Today is my least favorite marketing holiday, April Fools' Day. 

One of the first references of April fools is in 1392 in Chauncer’s Canterbury Tales when the Nun’s Priest’s tale is set Syn March bigan thritty dayes and two there are some arguments that it might have been transcribed wrong and should be May second but the origin points to the understanding that it might be March 32nd, which would be April first.

I don’t hate jokes, I don’t even hate them being played on me, what I hate are brands that don’t understand what is at stake today (or every day) and are willing to throw away all of the clout + trust they have gathered for a media soundbyte or a bunch of pageviews.

Look at it this way, your customer trusts you and they understand that when they come into your place of business or watch your show, or download your podcast or follow you on Snapchat – they know what they are getting. But let’s say they wake up today and their favorite podcast says that Justin Timberlake and Taylor Swift died last night. The hosts will say they did it in order to get attention and then when they take the heat they say…it was an April Fools' prank.

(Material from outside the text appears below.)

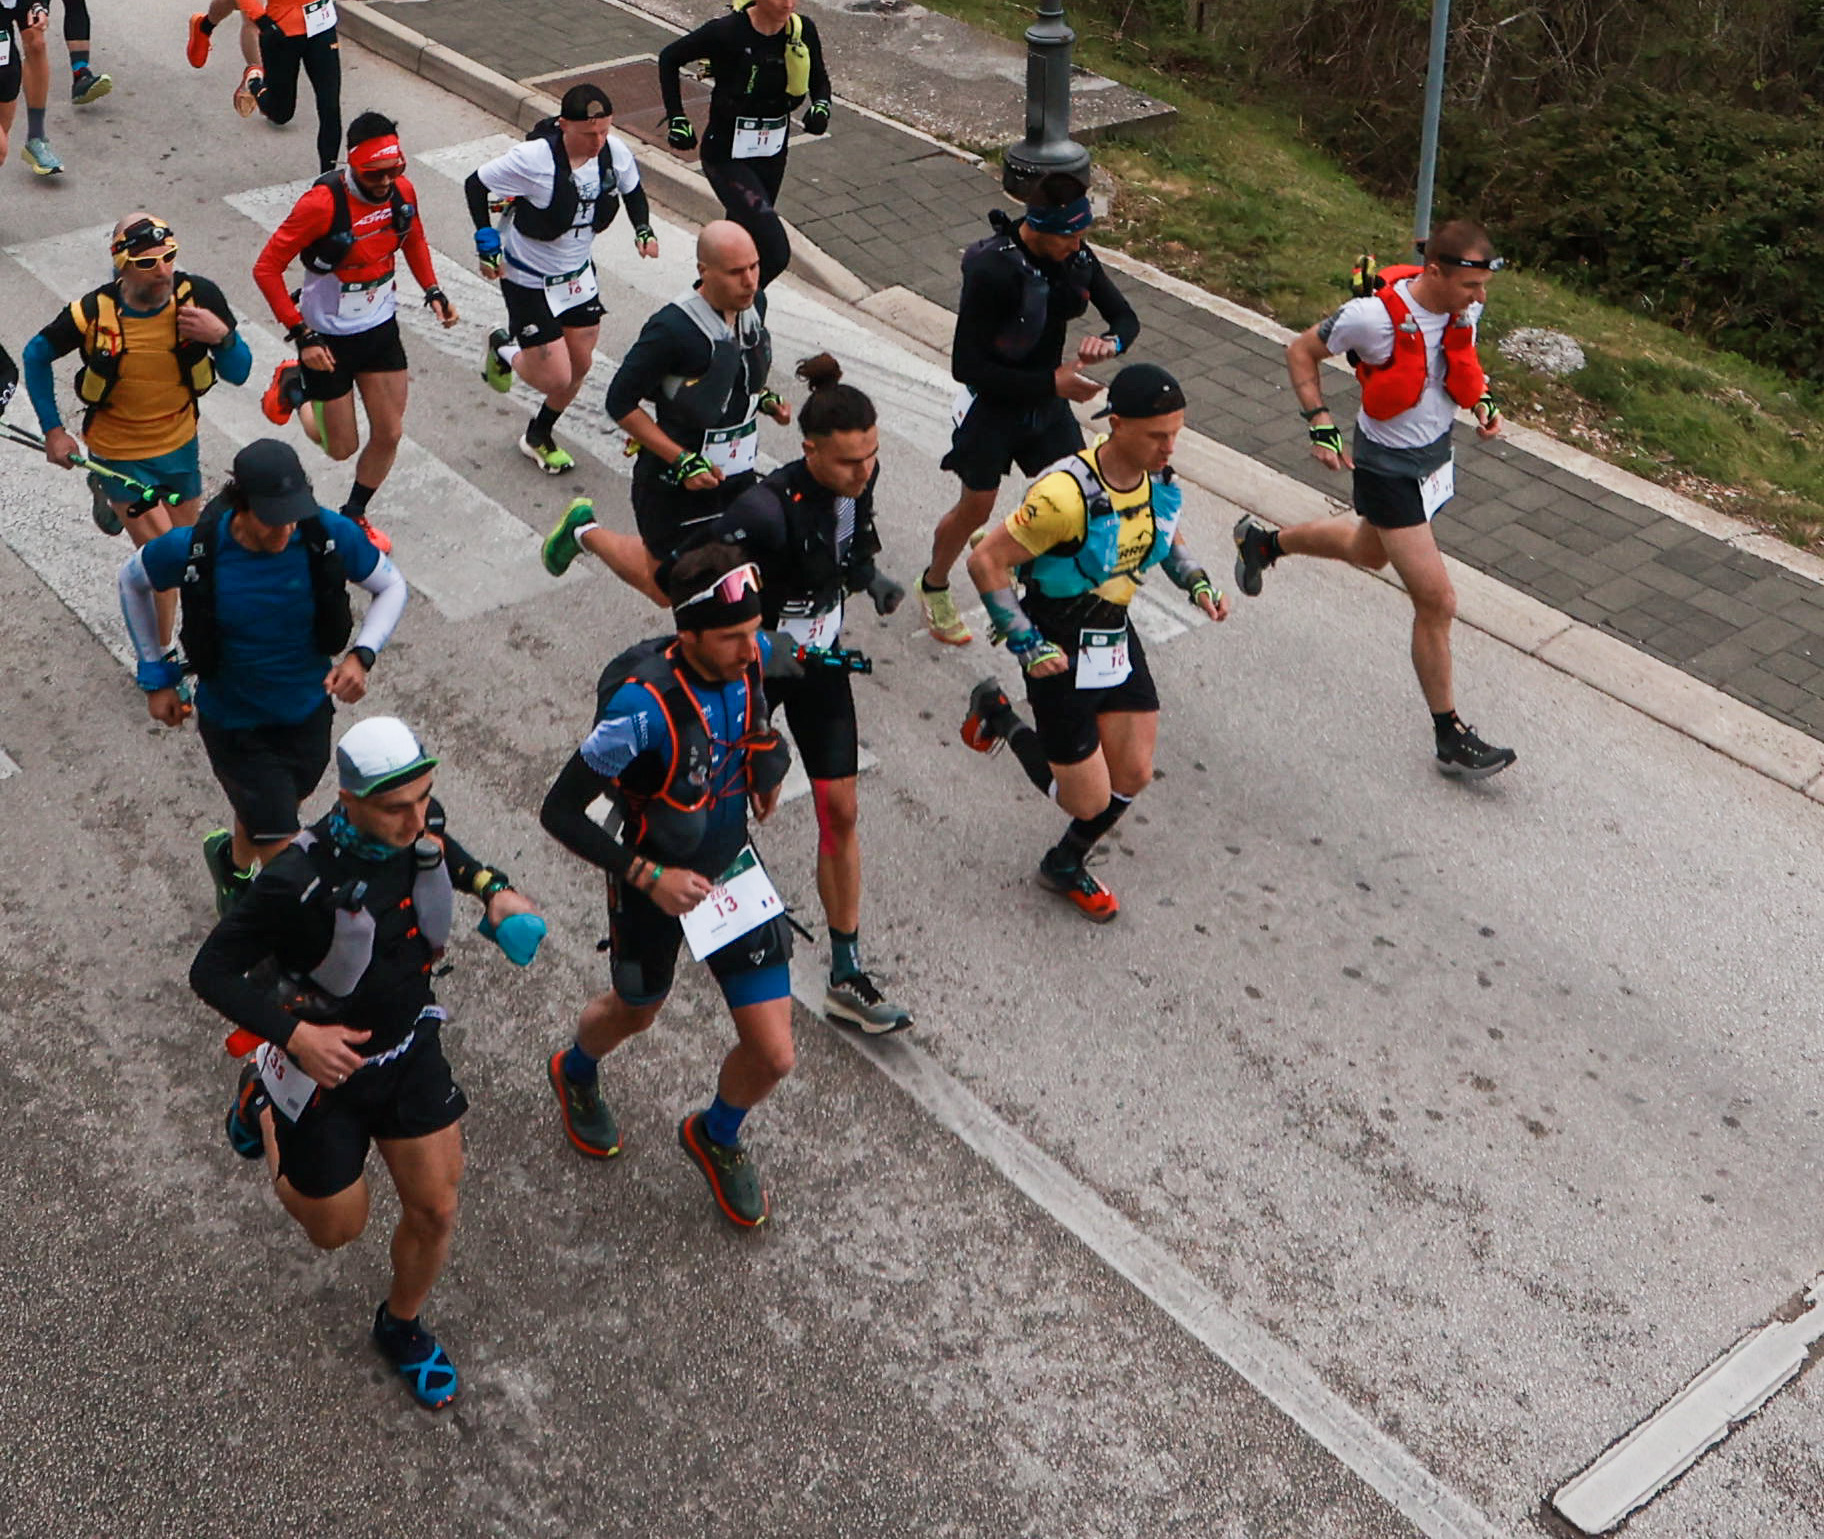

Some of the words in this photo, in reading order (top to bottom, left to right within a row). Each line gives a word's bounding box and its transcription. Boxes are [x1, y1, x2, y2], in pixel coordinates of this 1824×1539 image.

The problem is that the joke is not worth the expense. If the people listening to the podcast or the radio show, as I just merged two radio April fools stories into one, are affected by the story – you just ruined their day on purpose which is both terrible branding and terrible joke telling. 

We are in a connection economy and every time we do something that violates that connection or trust it costs us. Every time we raise the price, shorten the hours, fire someone they love, change the color, drop a menu item all of it ends up on a trust balance sheet and if you get in the negative, you close your doors.

So why on earth would you spend a nickel of that currency on a single day lazy joke a thon? Especially if you are a mass medium where people are running from you at a pretty healthy clip. I just read an article on the all new Redef.com which is amazing by the way and it talked about how HBO Now and Netflix are going to increase the pressure to lower cable packages and open the door for better streaming deals or services. Should DirectTV have an April Fools prank today? Absolutely not, if anything take the day to do something amazing. Call or email your best customers and give them April free for HBO to enjoy Game of Thrones – build equity today don’t waste it.

You want to play an April Fools prank – cool, go for it. But if you are a brand or doing it on behalf of a brand – think about the cost of it, then count to ten, then think about the cost again and then decide against it and play that prank on your friend. The game has changed and the costs are real. Don’t waste your customers loyalty on anything as dumb as today.